**INFORMATION SUPPLIED:**
━━━━━━━━
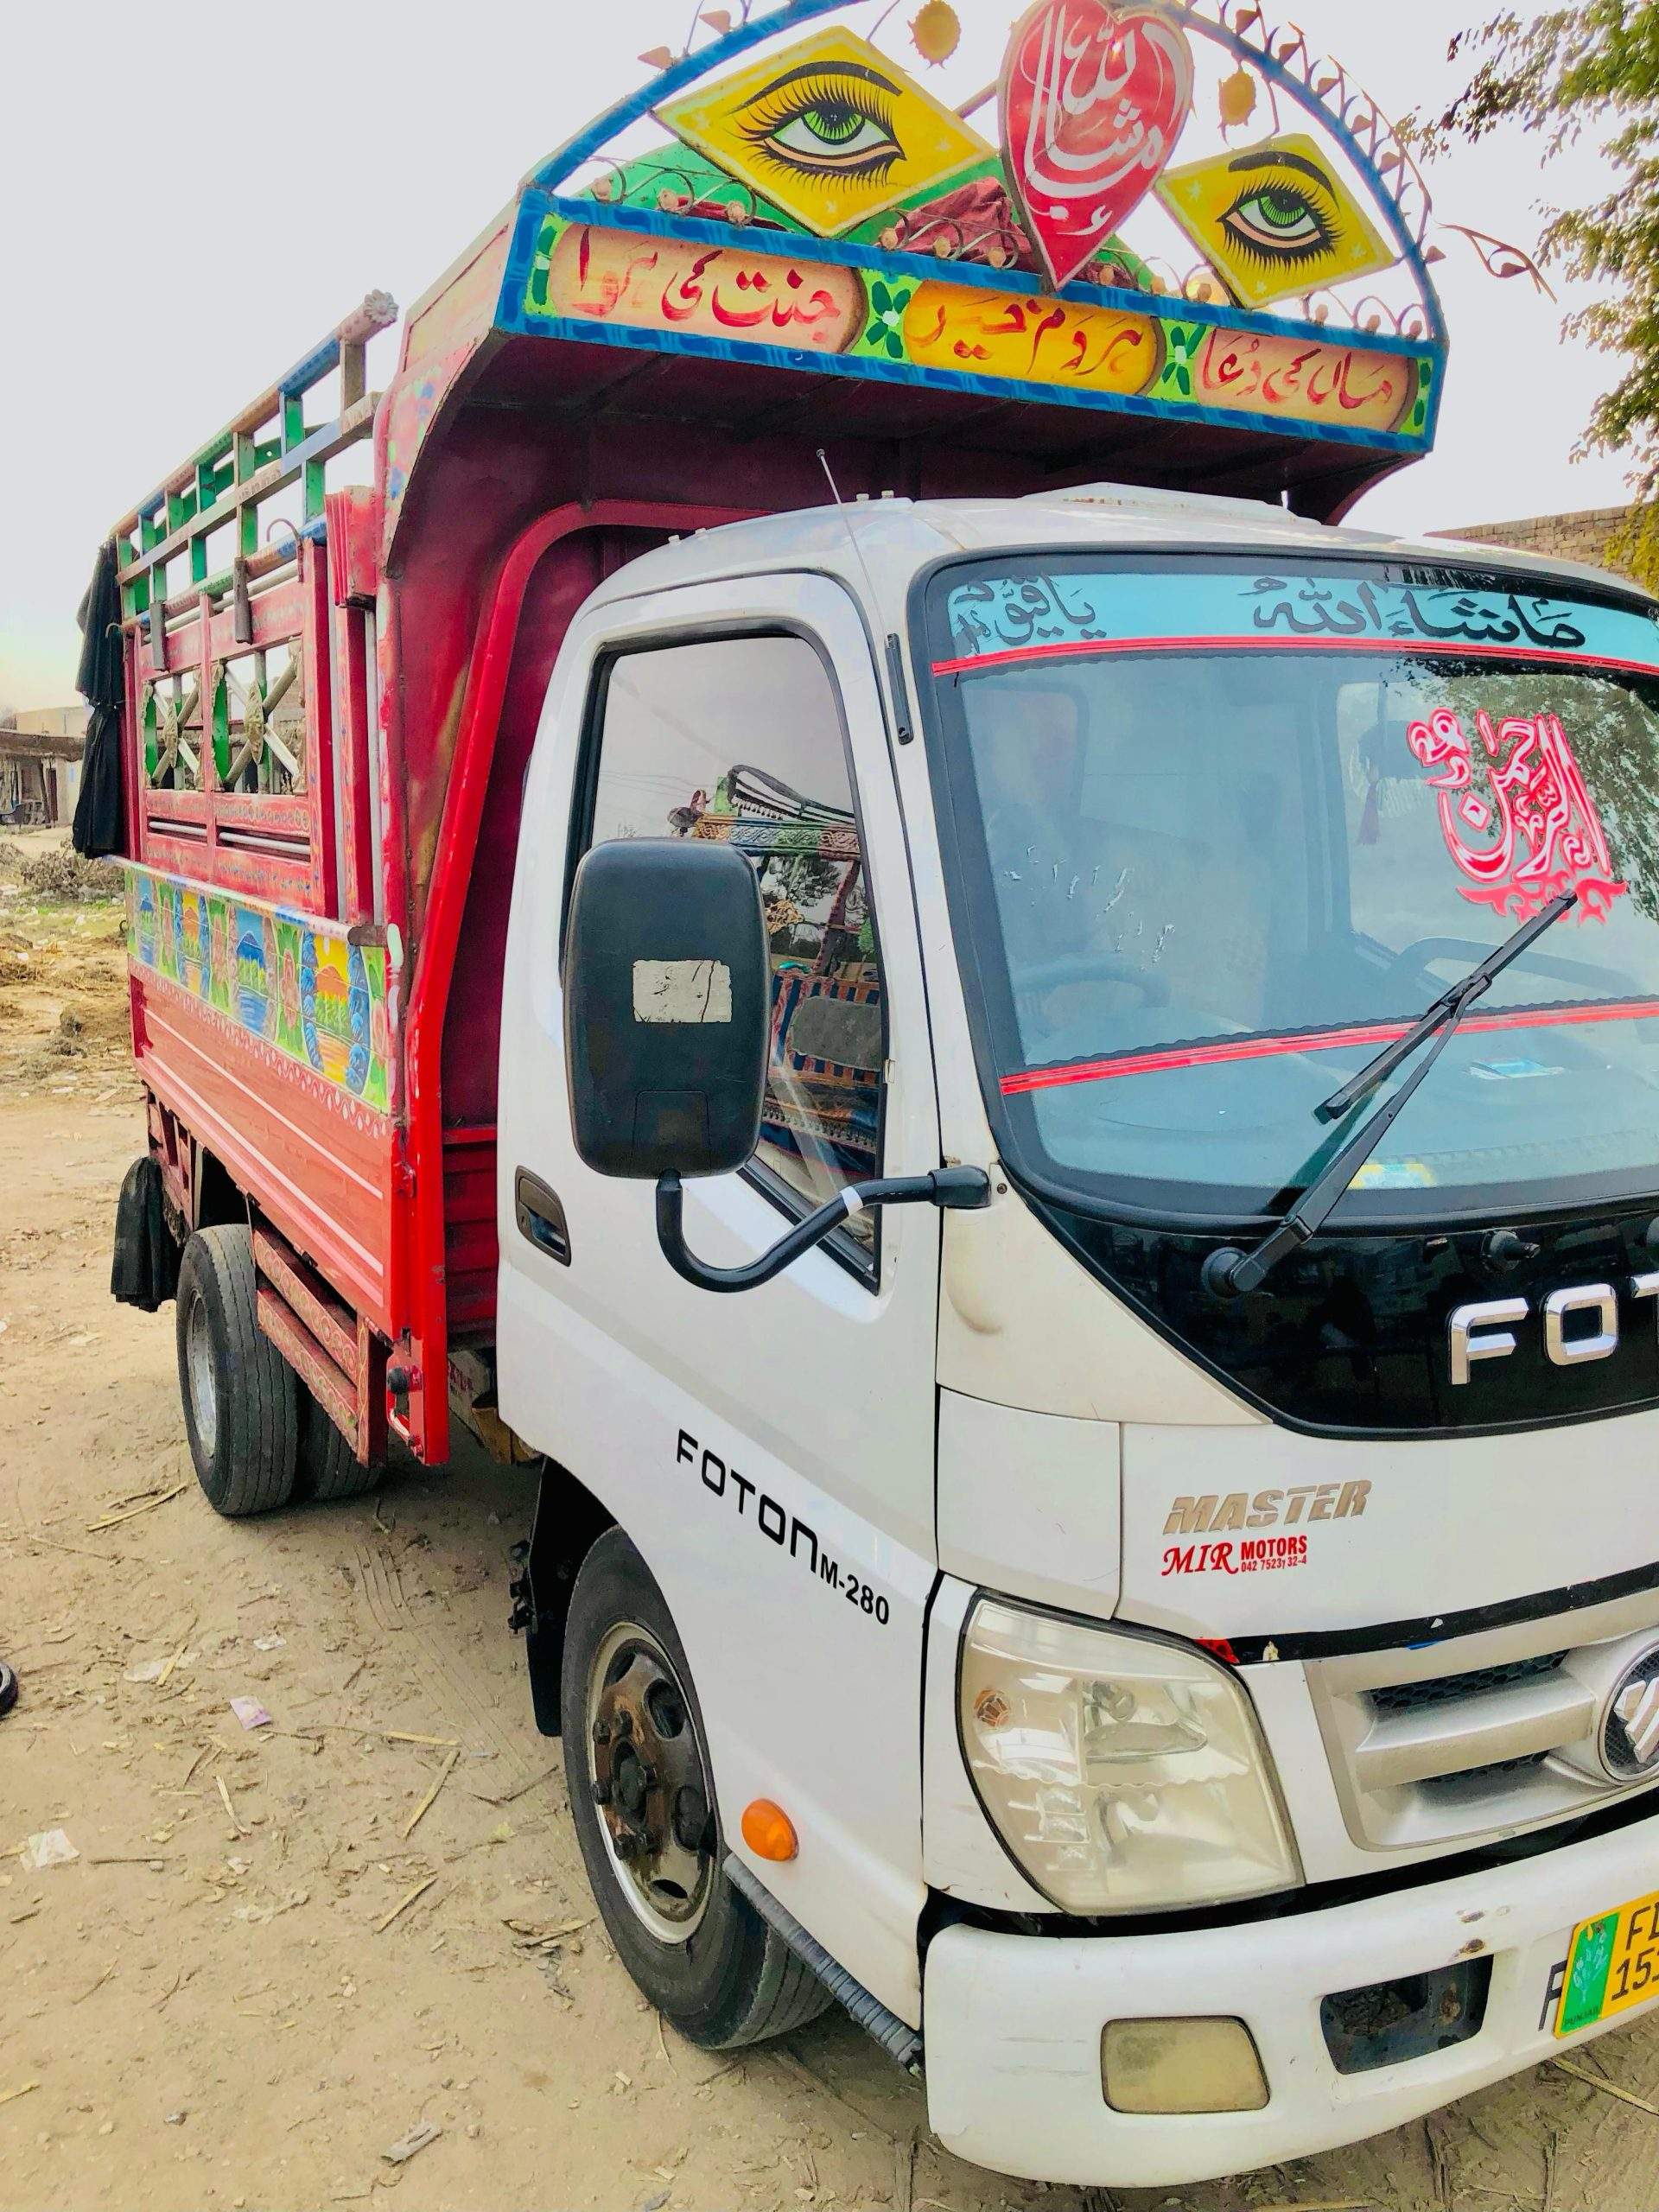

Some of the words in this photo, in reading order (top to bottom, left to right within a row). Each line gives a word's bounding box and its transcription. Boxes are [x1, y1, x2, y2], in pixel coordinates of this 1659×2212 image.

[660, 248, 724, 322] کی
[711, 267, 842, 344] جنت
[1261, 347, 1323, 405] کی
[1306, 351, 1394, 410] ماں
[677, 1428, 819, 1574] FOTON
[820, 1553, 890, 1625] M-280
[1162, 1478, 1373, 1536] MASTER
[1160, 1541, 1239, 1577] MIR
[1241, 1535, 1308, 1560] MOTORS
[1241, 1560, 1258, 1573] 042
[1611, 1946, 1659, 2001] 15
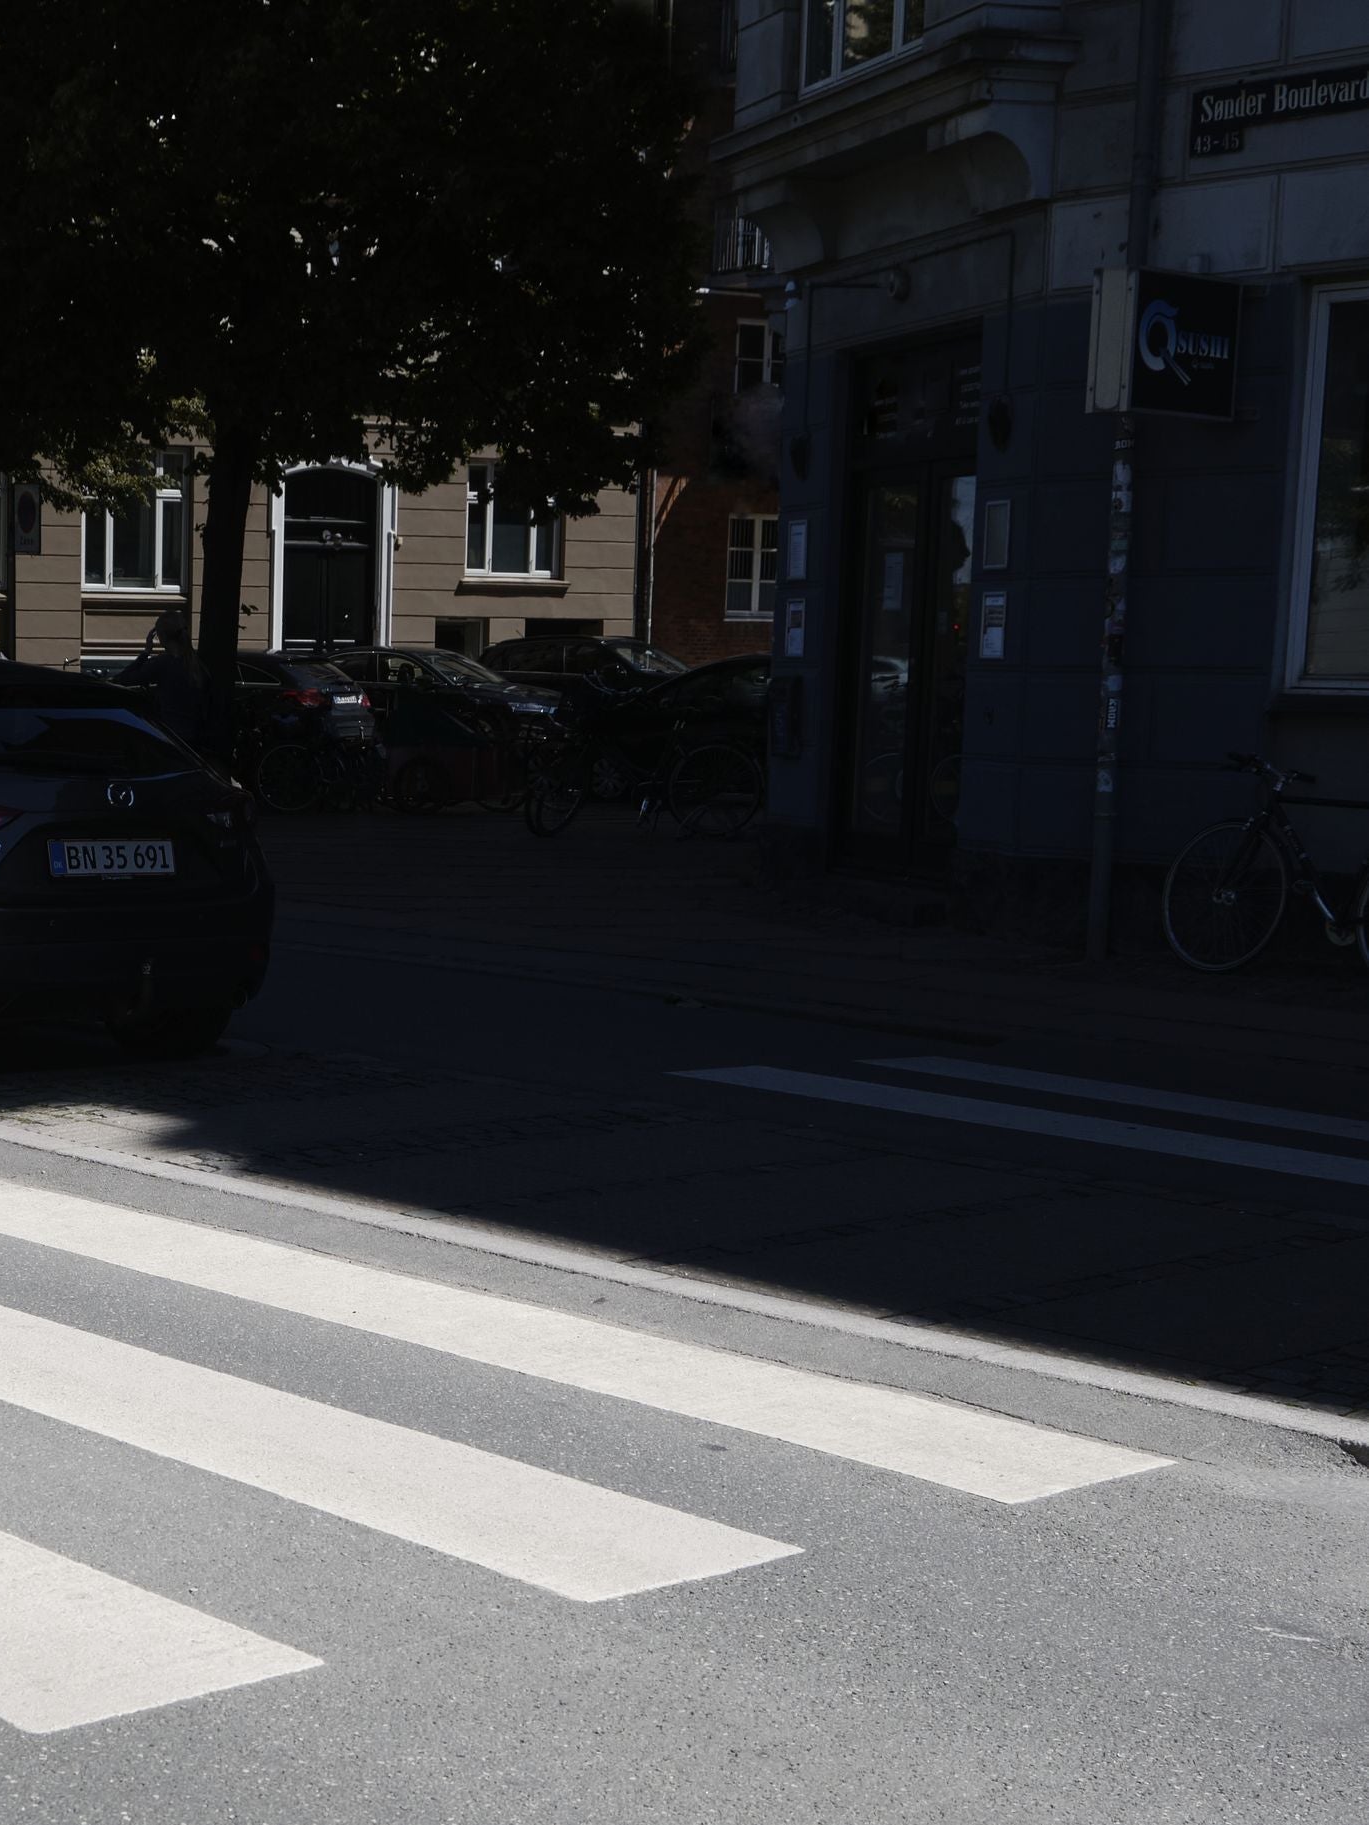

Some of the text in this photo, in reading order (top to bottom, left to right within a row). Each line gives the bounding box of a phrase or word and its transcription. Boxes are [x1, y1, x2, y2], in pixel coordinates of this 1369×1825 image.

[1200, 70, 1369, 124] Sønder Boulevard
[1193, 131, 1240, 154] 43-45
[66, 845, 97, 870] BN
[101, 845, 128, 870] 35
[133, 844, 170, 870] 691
━━━━━━━━
**DESCRIPTION OF THE TASK:** Only the text of the listing should be returned, exactly and in full; no image goes into the copy.

**PROBLEM SOLUTION:**
Some of the words in this photo, in reading order (top to bottom, left to right within a row). Each line gives a word's bounding box and its transcription. Boxes are [x1, y1, x2, y2], in pixel coordinates of this 1659×2212 image.

[660, 248, 724, 322] کی
[711, 267, 842, 344] جنت
[1261, 347, 1323, 405] کی
[1306, 351, 1394, 410] ماں
[677, 1428, 819, 1574] FOTON
[820, 1553, 890, 1625] M-280
[1162, 1478, 1373, 1536] MASTER
[1160, 1541, 1239, 1577] MIR
[1241, 1535, 1308, 1560] MOTORS
[1241, 1560, 1258, 1573] 042
[1611, 1946, 1659, 2001] 15

Some of the text in this photo, in reading order (top to bottom, left to right within a row). Each line gives the bounding box of a phrase or word and its transcription. Boxes are [x1, y1, x2, y2], in pixel coordinates of this 1369×1825 image.

[1200, 70, 1369, 124] Sønder Boulevard
[1193, 131, 1240, 154] 43-45
[66, 845, 97, 870] BN
[101, 845, 128, 870] 35
[133, 844, 170, 870] 691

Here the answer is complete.